Film 100, Introduction to Film
Fall 2012 Semester (Main Campus) Mondays, Tuesdays and Thursdays, 11:00 a.m. to 11:50 a.m., Library 0146 3 humanities credits
Instructor: Dr. Ellen Kreger
Email address: email@example.com
(Please include your name in the subject line if it is not part of your email address!) Phone number: (914) 376-7745 (h)—Please call between 8 a.m. and 8 p.m. Office hours: By appointment Monday-Friday
An introduction to the language of film, this course familiarizes students with the key elements of cinema: narrative, cinematography, mise-en-scène, editing, and sound. Focusing primarily on fictional narrative films, the course explores the ways in which filmmakers employ the basic elements of cinema to reveal character, convey plot and theme, and create meaning. Both “Classical” Hollywood style and alternative styles are discussed. Students learn to critically analyze films and effectively communicate their ideas in writing. In addition to a mid-term and a final exam, there are weekly assignments/quizzes and one paper. Required text:
Padawer, Craig. Close Up: A Critical Introduction to Film. Dubuque: Kendall Hunt Publishing, 2012. ISBN: 978-1-4652-0756-2. The book is available through the campus bookstore, but may appear under a different SECTION of this course. Make sure that you do not have a previous version of this textbook (i.e., the “preliminary” edition).
I also suggest that you buy yourself some type of book light or miniature flashlight. When we screen movies (and when you watch clips during the exams), the room will be very dark. Having some kind of light source will help you take notes. This light should be very small so that it does not distract your neighbor.

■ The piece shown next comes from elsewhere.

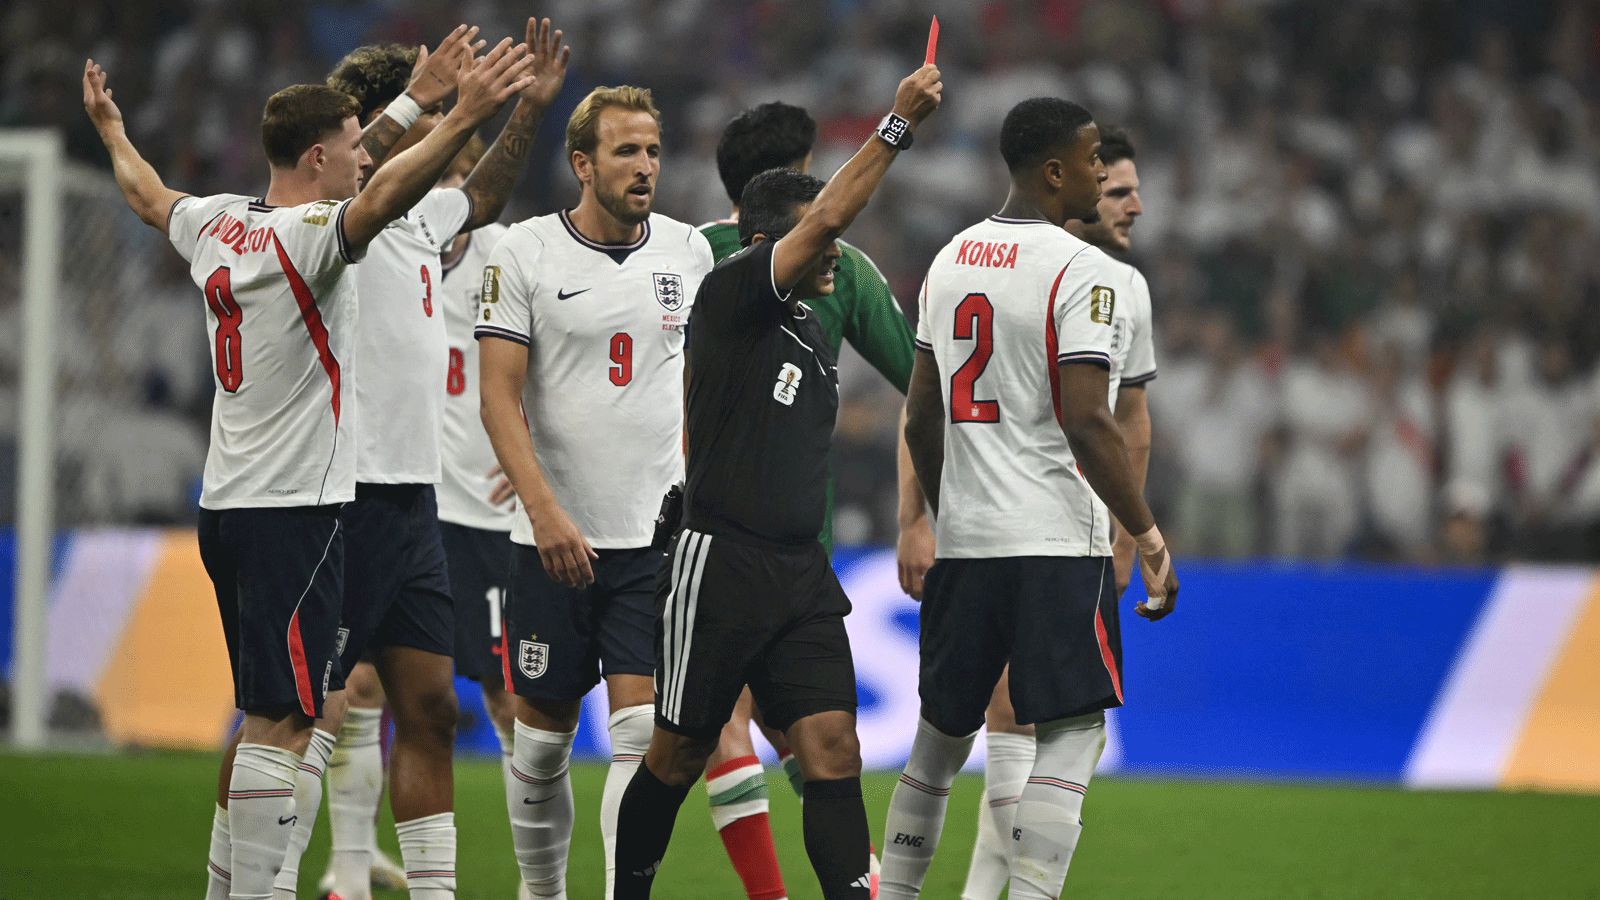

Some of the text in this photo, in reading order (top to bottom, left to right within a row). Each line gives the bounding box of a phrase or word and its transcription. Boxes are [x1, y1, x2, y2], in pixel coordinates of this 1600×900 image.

I do not allow cell phones or other electronic devices on desks during class or exams.
In order to complete this course successfully, you must demonstrate: *
A fundamental understanding of fundamental film techniques and they are used to create meanings; *
Use of the basic technical and critical vocabulary of motion pictures; *
An ability to synthesize these skills into a detailed “close” reading of a film.
In addition, successful completion of the assignments will require that you hone a variety of skills including: *
The development of an idea from initial inspiration into a coherent, well-reasoned written argument; *
Critical reading skills that can be employed in any field of study; *
An ability to think, speak, and write critically about visual texts, which are a dominant form of communication today.
Requirements and Grading:
You will be expected to read a section of the textbook for each unit, to be completed by the date listed on the syllabus. There will also be 10 quizzes throughout the semester, a few of which will be take-home and/or open-note quizzes. These quizzes are designed to help me (and you) monitor your understanding of the reading assignments, and to help you practice integrating the information on a weekly basis. You will also write three short analyses in class, in response to a clip I show. The quizzes and analyses will include whatever you have heard or been assigned to read prior to that exercise’s due date, although they will emphasize the most current topic. There will be one midterm exam and a cumulative final; you will also be required to write one 3-4 page paper. Guidelines for the paper will be handed out in class, as will review sheets for the exams. I am always happy to meet with you to help you craft your papers, study for the exams, or review your quizzes. Please note that it is the student’s responsibility to remember all due dates and keep up with any changes in the schedule—I may or may not remind you of every assignment or quiz date. Check this schedule every week, and if you miss class, check with a classmate to find out if any changes were announced.